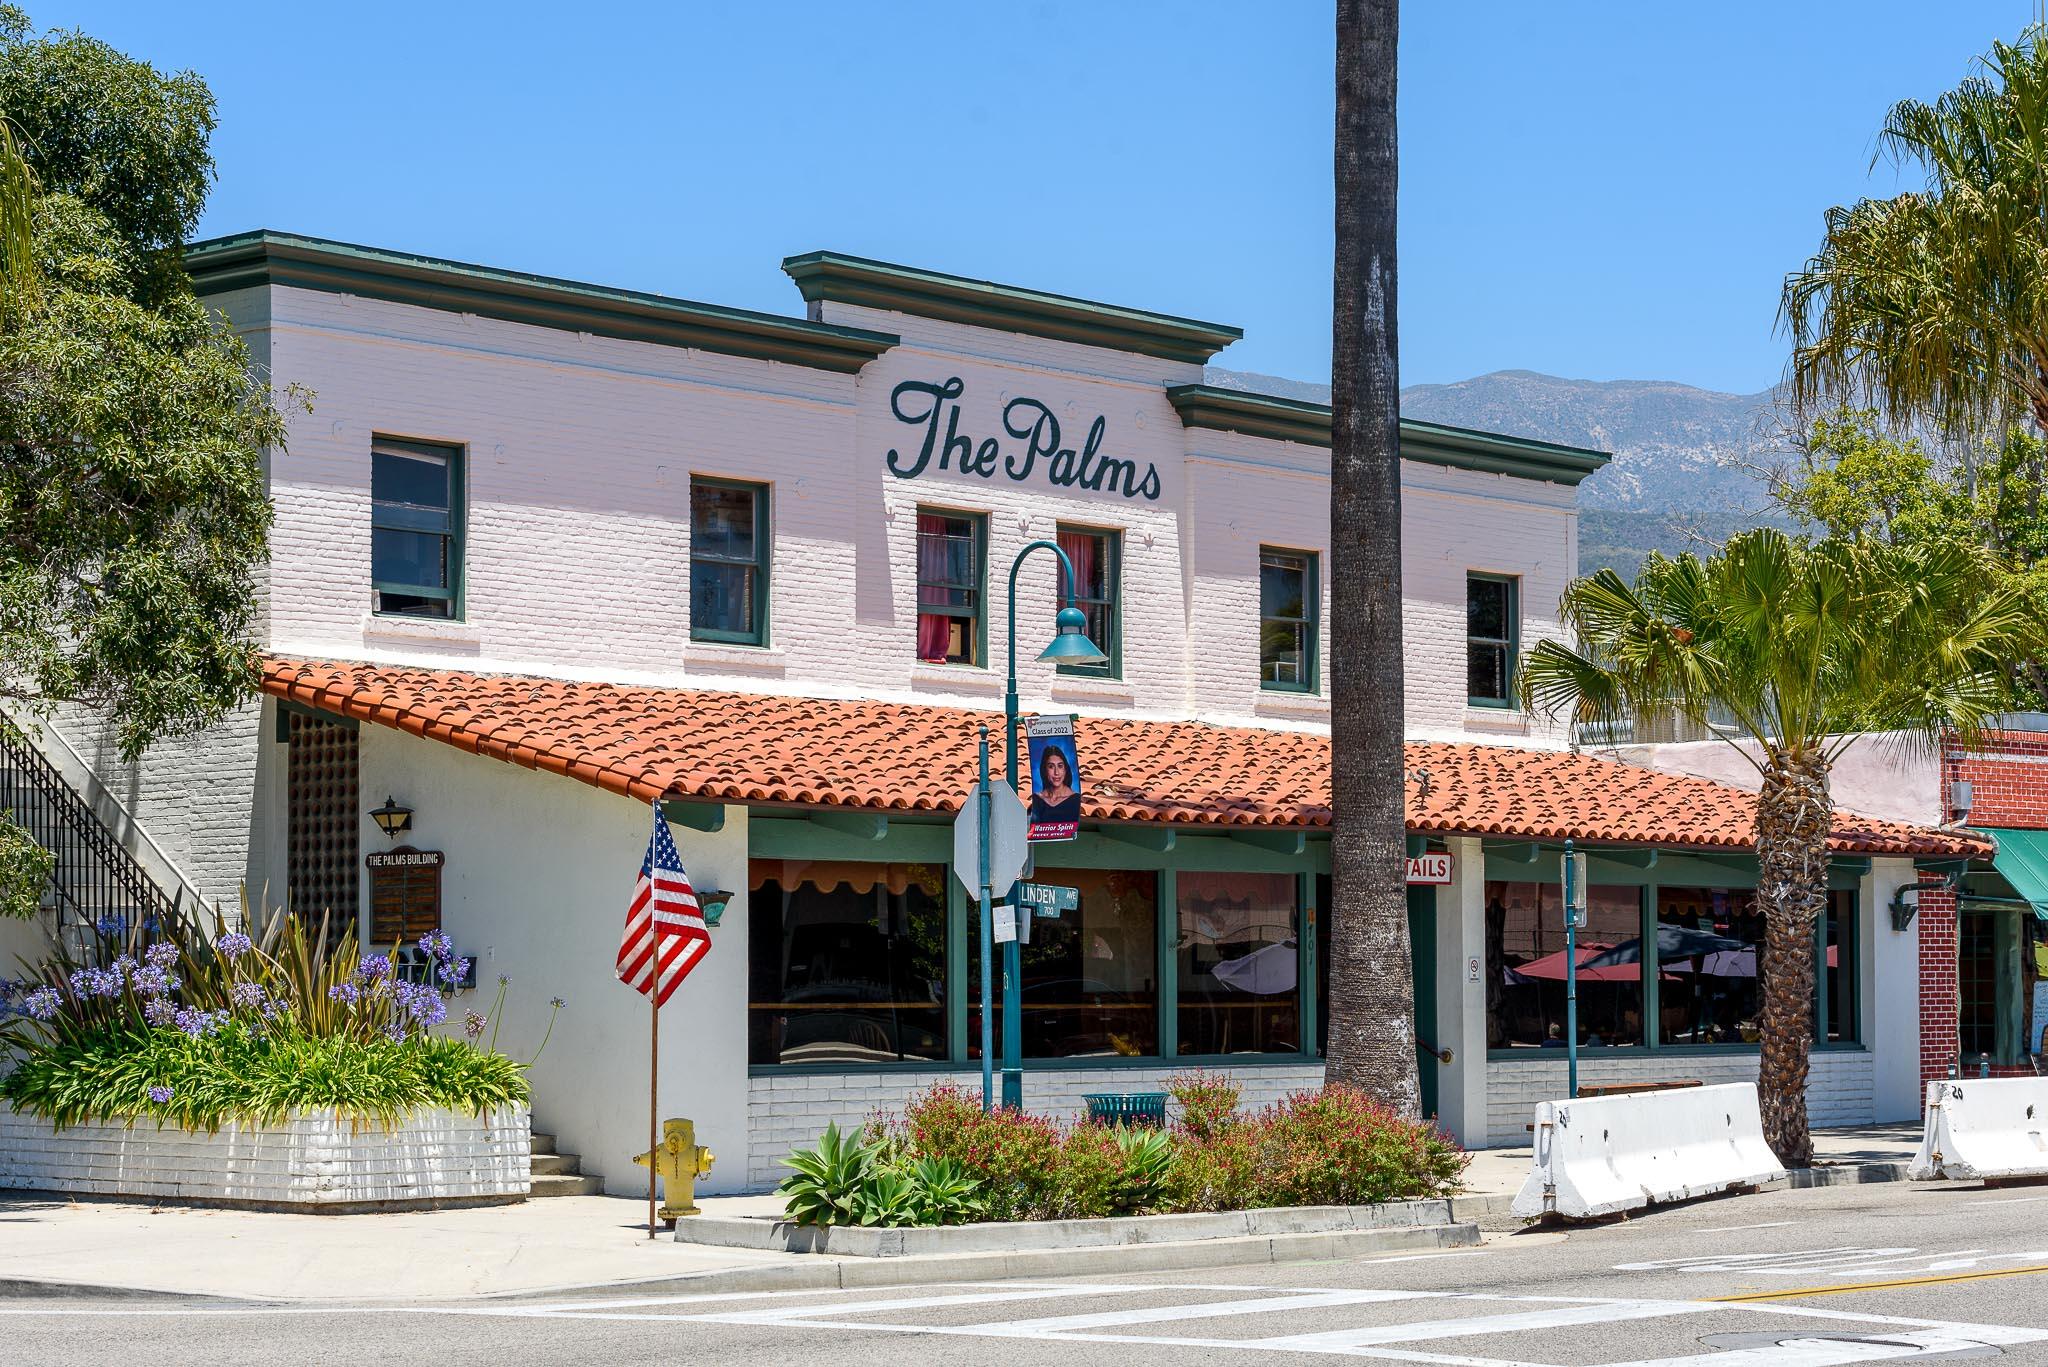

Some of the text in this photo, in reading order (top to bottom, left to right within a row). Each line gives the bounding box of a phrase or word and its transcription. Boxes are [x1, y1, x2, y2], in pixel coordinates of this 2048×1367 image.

[887, 376, 1161, 500] The Palms
[1031, 728, 1047, 736] Class
[1053, 726, 1069, 734] 2022
[1034, 823, 1074, 832] Warrior Spirit
[368, 853, 438, 866] THE PALMS BUILDING
[1021, 886, 1077, 905] LINDEN AVE
[1044, 906, 1054, 916] 700
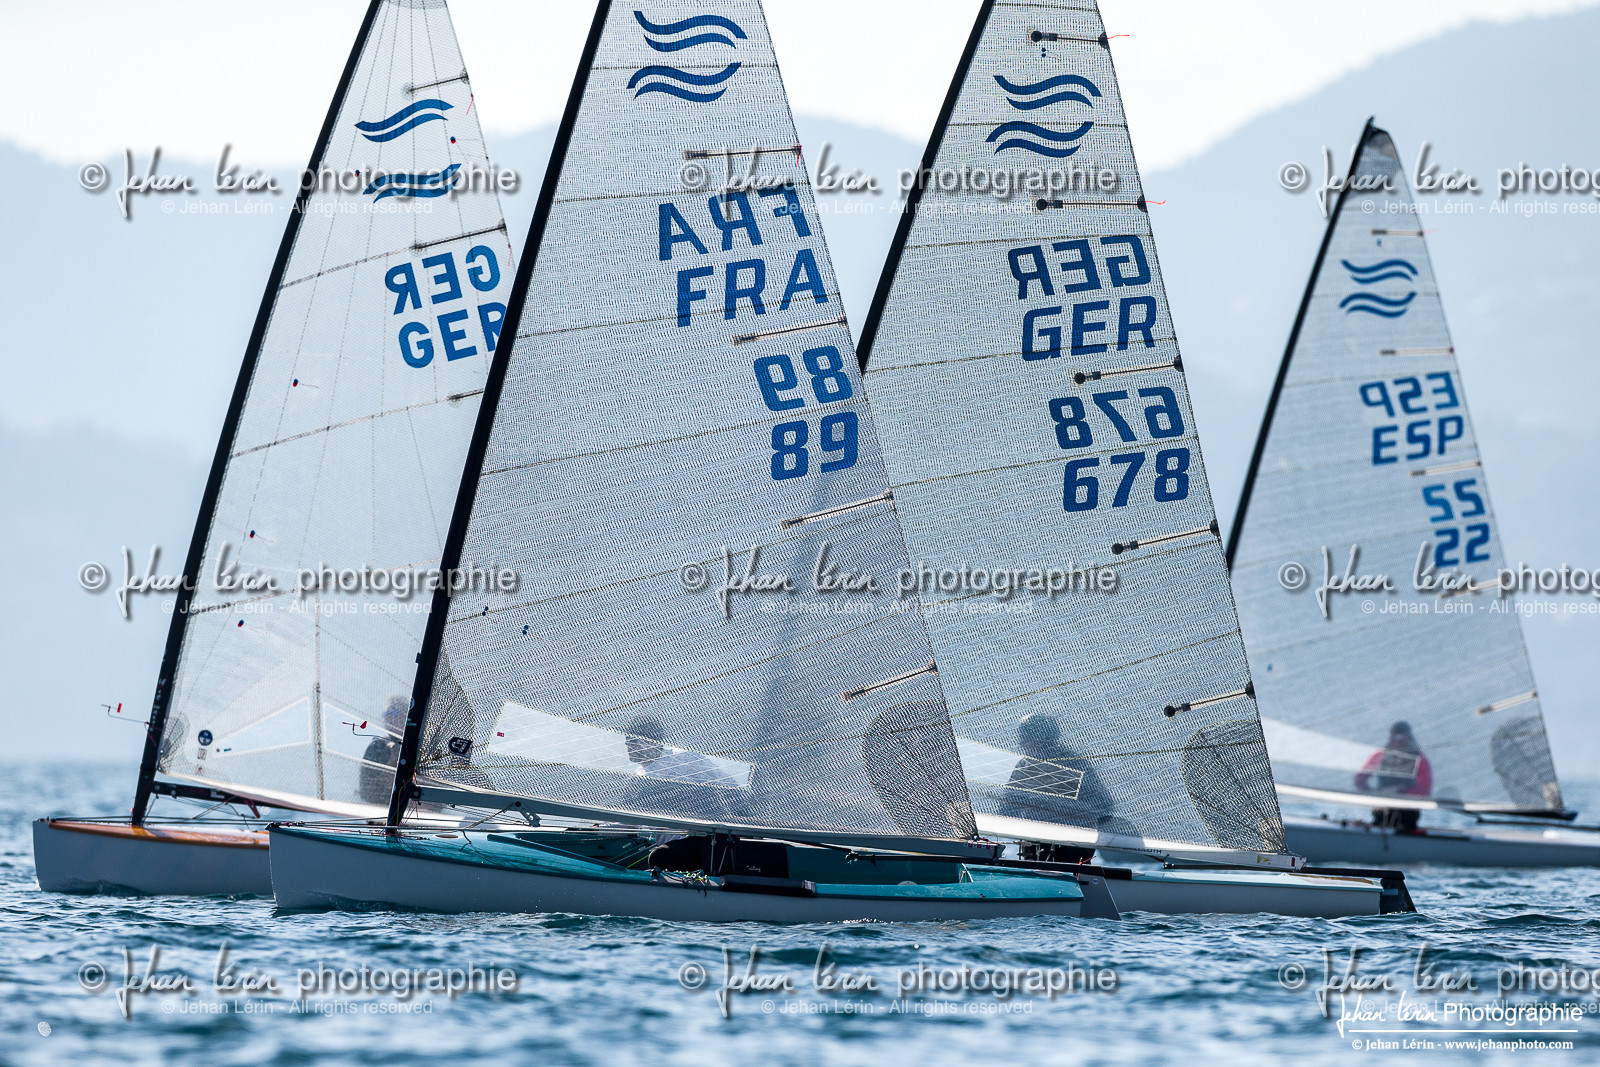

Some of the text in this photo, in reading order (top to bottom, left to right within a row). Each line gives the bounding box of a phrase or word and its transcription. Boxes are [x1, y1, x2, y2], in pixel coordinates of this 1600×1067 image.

[677, 249, 828, 327] FRA
[399, 302, 507, 368] GER
[1022, 296, 1157, 361] GER
[771, 411, 858, 480] 89
[1372, 415, 1463, 466] ESP
[1063, 448, 1190, 512] 678
[1435, 523, 1490, 567] 22
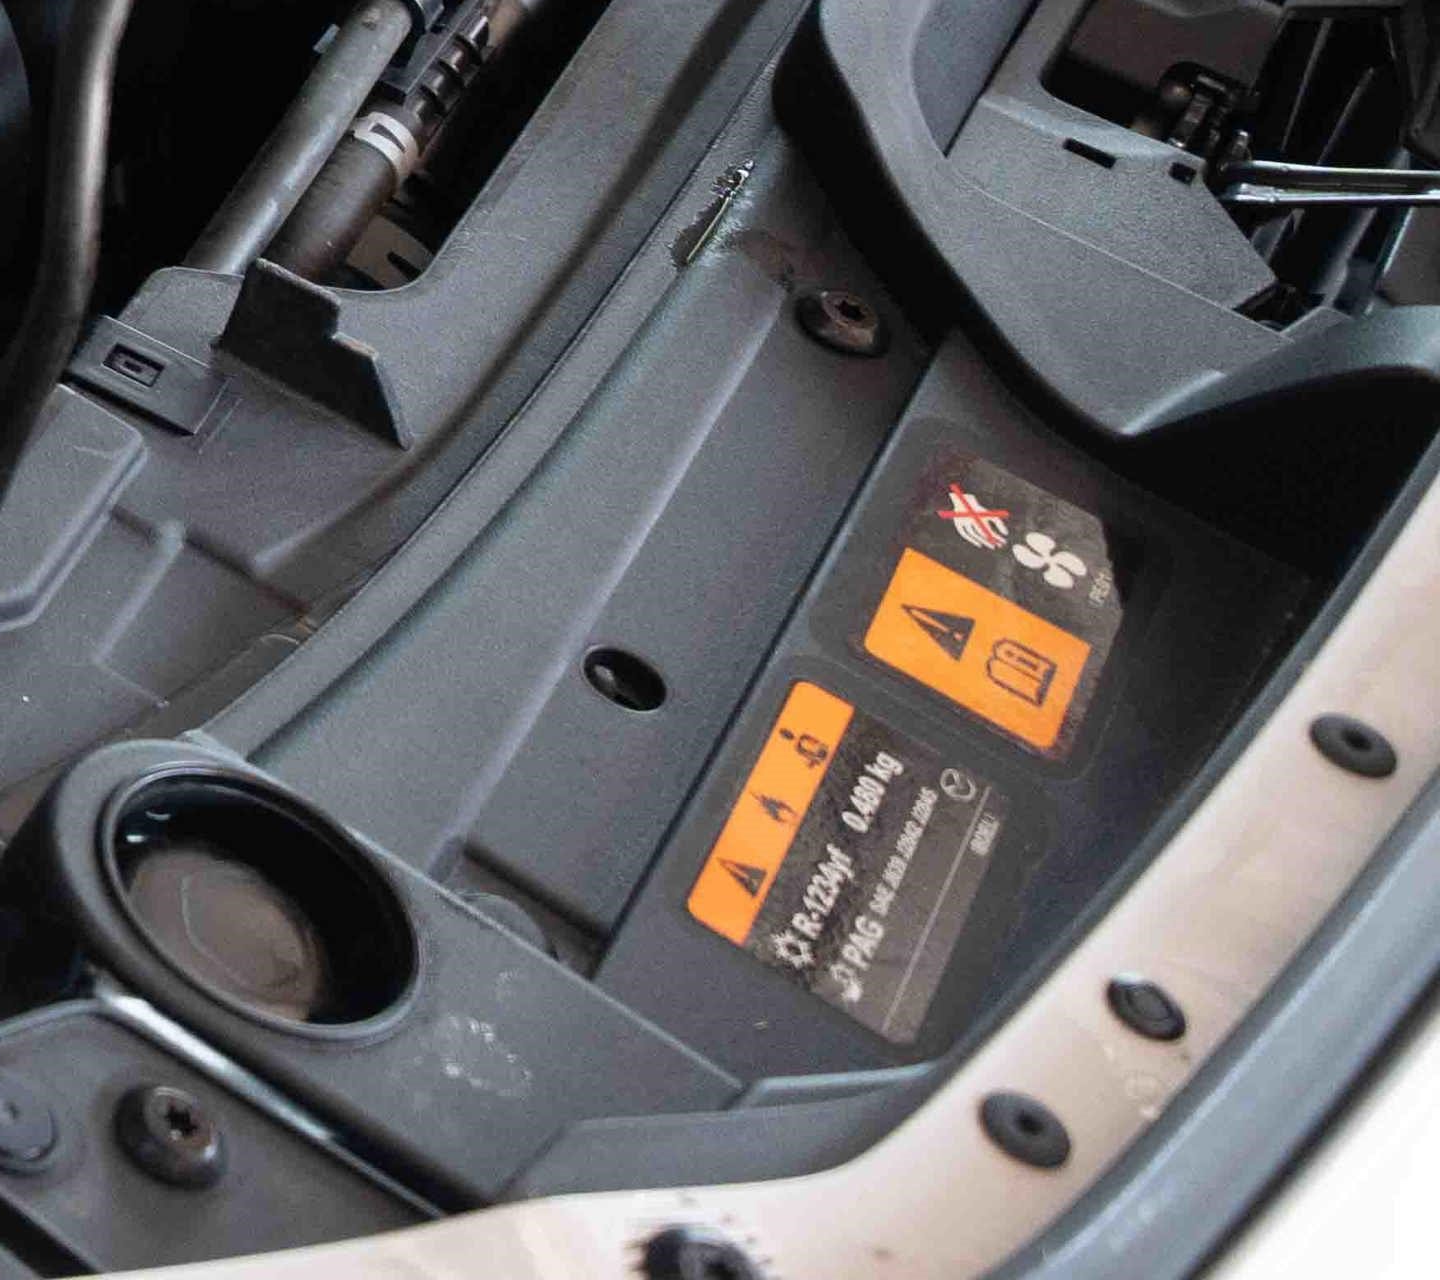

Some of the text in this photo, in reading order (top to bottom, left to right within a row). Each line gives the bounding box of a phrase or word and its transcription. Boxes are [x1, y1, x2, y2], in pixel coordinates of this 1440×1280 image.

[792, 842, 855, 940] R-1234yf
[864, 751, 905, 784] kg
[842, 914, 885, 971] PAG
----
> _Assignment_: Faithful copy, images left out: write out every line of data.

> _The answer_:
Some of the text in this photo, in reading order (top to bottom, left to right within a row). Each line gives the bounding box of a phrase or word and its transcription. Boxes are [x1, y1, x2, y2], in pixel coordinates of this 2048×1367 image.

[887, 376, 1161, 500] The Palms
[1031, 728, 1047, 736] Class
[1053, 726, 1069, 734] 2022
[1034, 823, 1074, 832] Warrior Spirit
[368, 853, 438, 866] THE PALMS BUILDING
[1021, 886, 1077, 905] LINDEN AVE
[1044, 906, 1054, 916] 700

Some of the text in this photo, in reading order (top to bottom, left to right within a row). Each line gives the bounding box of a phrase or word and its transcription. Boxes are [x1, y1, x2, y2], in pixel coordinates of this 1600×1067 image.

[677, 249, 828, 327] FRA
[399, 302, 507, 368] GER
[1022, 296, 1157, 361] GER
[771, 411, 858, 480] 89
[1372, 415, 1463, 466] ESP
[1063, 448, 1190, 512] 678
[1435, 523, 1490, 567] 22

Some of the text in this photo, in reading order (top to bottom, left to right within a row). Each line gives the bounding box of a phrase or word and its transcription. Boxes are [x1, y1, x2, y2], in pixel coordinates of this 1440×1280 image.

[792, 842, 855, 940] R-1234yf
[864, 751, 905, 784] kg
[842, 914, 885, 971] PAG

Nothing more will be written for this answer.